If we consider that in poetic texts it is crucial to render a strict relationship between given levels of the expression substance and given levels of the content substance, translators are challenged on their ability to identify them, to save all of them (or some, or none), and to put them in the same relationship with each other as they are in the original text.
In this game, translators may miss a lot, but can also make up for some of their losses.

NOTES

  1. See for instance Werner Koller, ‘Equivalence in Translation Theory’, in Chestermann, A., ed., Readings in Translation Theory (Helsinki: Oy Finn Lectura AB, 1989).
  2. My references to Peirce will always be to Collected Papers (Cambridge U.P., 1931–58).
  3. As a matter of fact I gave the English sentence to AltaVista and received as an output: John, un célibataire qui a étudié à Oxford, a écrit maintenant une dissertation de Ph.D. sur les célibataires de Pôle du nord.
  4. Willard Van Orman Quine, Word and Object (Cambridge U.P., 1960), vol. II, p. 16.
  5. Louis Hjelmslev, Prolegomena to a Theory of Language (Madison: Wisconsin U.P., 1943).
  6. Cf. Algirdas J. Greimas and Joseph Courtés, eds., Semiotics and Language: An Analytical Dictionary (Bloomington: Indiana U.P., 1982).
  7. G. Leopardi, Les chants, tr. Michel Orcel (Lausanne: L’Age d’Homme, 1982).

II. Losses and gains

There is no exact way to translate the Latin word mus into English. In Latin mus covers the same semantic space covered by mouse and rat in English – as well as in French, where there are souris and rat, in Spanish (ratón and rata) or in German (Maus and Ratte). But in Italian, even though the difference between a topo and a ratto is recorded in dictionaries, in everyday language one can use topo even for a big rat – perhaps stretching it to topone or topaccio – but ratto is used only in technical texts.

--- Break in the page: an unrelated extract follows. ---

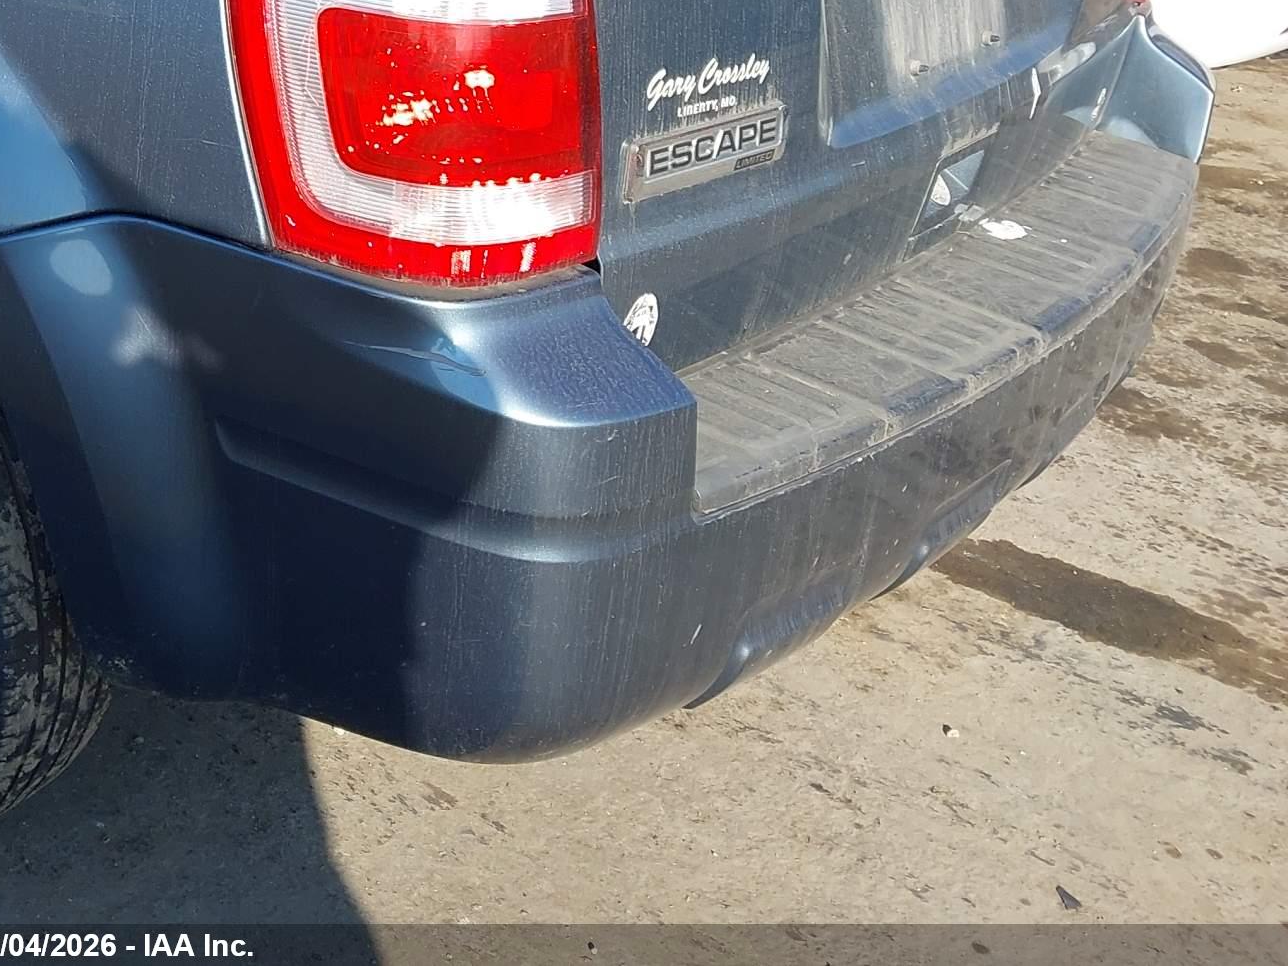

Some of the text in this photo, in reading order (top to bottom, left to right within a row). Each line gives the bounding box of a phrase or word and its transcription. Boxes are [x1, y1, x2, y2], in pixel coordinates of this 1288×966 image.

[646, 53, 771, 111] Gary Crossley
[646, 117, 778, 177] ESCAPE
[735, 151, 773, 169] LIMITED

LATIN ENGLISH FRENCH GERMAN ITALIAN
Mouse Souris Maus (Topo)
mus topo
Rat Rat Ratte (Ratto)

Thus, a comparison between French and Italian linguistic systems tells us that the Italian topo can cover the semantic spaces of both the French souris and rat. It is an interesting piece of linguistic information, but what happens when we find the word topo in an Italian translation of a French text? Does it translate back as rat or souris?

Take the first chapter of Camus’s La peste in the Italian translation by Beniamino dal Fabbro. It states that one morning Doctor Rieux found, on the stairs of the building, un sorcio morto. Now sorcio is like topo, and like mouse in English, and if one knows that mouse in French is souris one can infer that the Italian translator chose sorcio instead of topo because he was phonically influenced by the French souris. In spite of these obvious assumptions, one is tempted to reflect on the fact that Camus’s novel is telling the story of a terrible epidemic, and the plague is not usually carried by mice but by rats.

Thus, not because of one’s linguistic competence but by virtue of a general knowledge concerning the world we live in, one is encouraged to suppose that the translator made a mistake. As a matter of fact, if you check the French original, you will see that Camus does not mention a mouse but un rat. This is an instance in which the Italian translator should have stressed the difference and mentioned, if not a ratto, at least a grosso topo or a topo di chiavica.

Now let us suppose that one has to translate How now! A rat? from Hamlet (Act III, scene iv) into Italian. As far as I know, every Italian version translates it as Cosa c’è, un topo? or Come? Un topo? A rigorous translator should check in an old dictionary whether in Shakespeare’s time rat meant, as Webster’s says today, ‘any of numerous rodents (Rattus and related genera) differing from the related mice by considerably larger size and by structural details’, adding that a rat can also be ‘a contemptible person’ (and that to smell a rat means to realise that there is a secret plot).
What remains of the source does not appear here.